• _PROMPT_
An exact copy of all the entries is needed, with no images in it.

• _WORKING DATA_
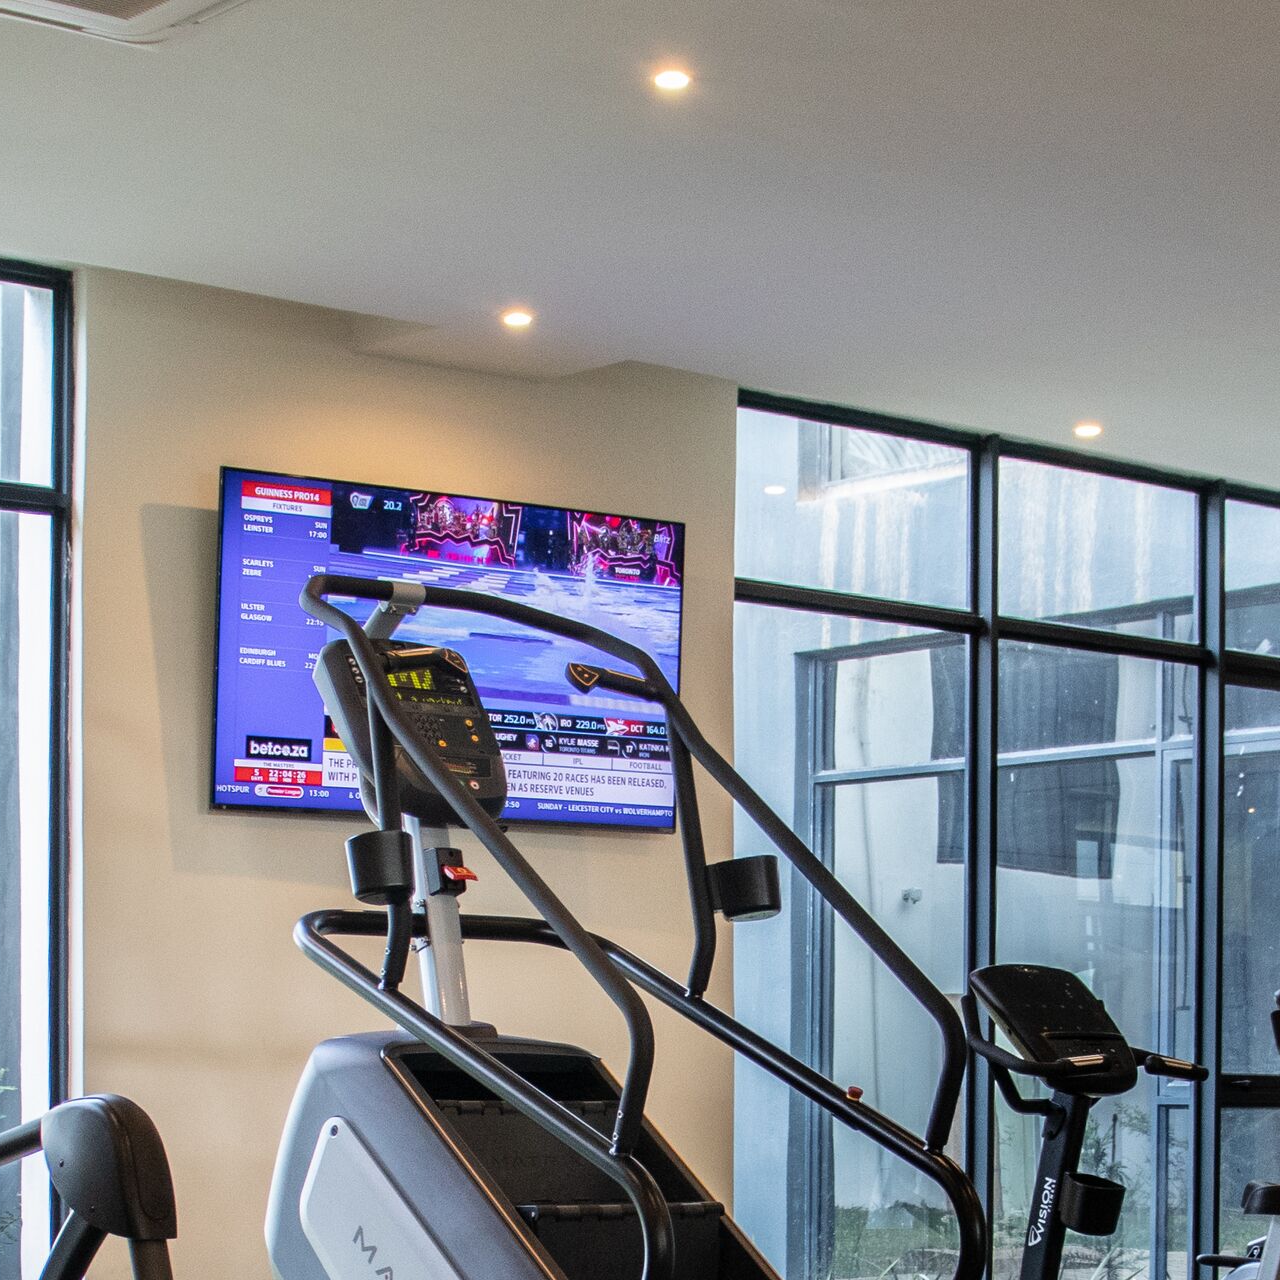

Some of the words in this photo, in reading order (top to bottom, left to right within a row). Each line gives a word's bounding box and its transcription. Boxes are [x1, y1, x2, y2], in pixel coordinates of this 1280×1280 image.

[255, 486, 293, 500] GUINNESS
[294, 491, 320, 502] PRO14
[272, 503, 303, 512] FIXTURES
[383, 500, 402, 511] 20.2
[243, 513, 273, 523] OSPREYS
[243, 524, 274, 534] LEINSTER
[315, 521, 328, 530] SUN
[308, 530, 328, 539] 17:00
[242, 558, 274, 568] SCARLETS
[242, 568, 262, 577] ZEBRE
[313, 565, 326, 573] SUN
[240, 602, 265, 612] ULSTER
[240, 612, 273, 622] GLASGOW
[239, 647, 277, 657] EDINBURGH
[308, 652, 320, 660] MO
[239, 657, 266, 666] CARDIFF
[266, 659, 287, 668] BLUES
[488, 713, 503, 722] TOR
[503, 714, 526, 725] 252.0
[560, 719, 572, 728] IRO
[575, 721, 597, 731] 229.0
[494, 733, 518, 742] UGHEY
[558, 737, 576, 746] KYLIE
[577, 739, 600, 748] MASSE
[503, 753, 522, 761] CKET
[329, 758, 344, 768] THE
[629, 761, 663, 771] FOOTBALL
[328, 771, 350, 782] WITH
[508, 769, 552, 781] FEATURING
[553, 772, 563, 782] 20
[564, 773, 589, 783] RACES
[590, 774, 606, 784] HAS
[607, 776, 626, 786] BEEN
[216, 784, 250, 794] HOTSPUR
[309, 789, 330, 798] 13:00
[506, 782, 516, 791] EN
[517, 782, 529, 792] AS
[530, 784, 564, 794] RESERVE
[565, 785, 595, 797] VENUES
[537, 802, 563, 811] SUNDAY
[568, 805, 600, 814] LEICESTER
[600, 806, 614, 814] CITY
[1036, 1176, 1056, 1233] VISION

• _EXERCISE OUTPUT_
Some of the words in this photo, in reading order (top to bottom, left to right within a row). Each line gives a word's bounding box and its transcription. Boxes are [x1, y1, x2, y2], in pixel coordinates of this 1280×1280 image.

[255, 486, 293, 500] GUINNESS
[294, 491, 320, 502] PRO14
[272, 503, 303, 512] FIXTURES
[383, 500, 402, 511] 20.2
[243, 513, 273, 523] OSPREYS
[243, 524, 274, 534] LEINSTER
[315, 521, 328, 530] SUN
[308, 530, 328, 539] 17:00
[242, 558, 274, 568] SCARLETS
[242, 568, 262, 577] ZEBRE
[313, 565, 326, 573] SUN
[240, 602, 265, 612] ULSTER
[240, 612, 273, 622] GLASGOW
[239, 647, 277, 657] EDINBURGH
[308, 652, 320, 660] MO
[239, 657, 266, 666] CARDIFF
[266, 659, 287, 668] BLUES
[488, 713, 503, 722] TOR
[503, 714, 526, 725] 252.0
[560, 719, 572, 728] IRO
[575, 721, 597, 731] 229.0
[494, 733, 518, 742] UGHEY
[558, 737, 576, 746] KYLIE
[577, 739, 600, 748] MASSE
[503, 753, 522, 761] CKET
[329, 758, 344, 768] THE
[629, 761, 663, 771] FOOTBALL
[328, 771, 350, 782] WITH
[508, 769, 552, 781] FEATURING
[553, 772, 563, 782] 20
[564, 773, 589, 783] RACES
[590, 774, 606, 784] HAS
[607, 776, 626, 786] BEEN
[216, 784, 250, 794] HOTSPUR
[309, 789, 330, 798] 13:00
[506, 782, 516, 791] EN
[517, 782, 529, 792] AS
[530, 784, 564, 794] RESERVE
[565, 785, 595, 797] VENUES
[537, 802, 563, 811] SUNDAY
[568, 805, 600, 814] LEICESTER
[600, 806, 614, 814] CITY
[1036, 1176, 1056, 1233] VISION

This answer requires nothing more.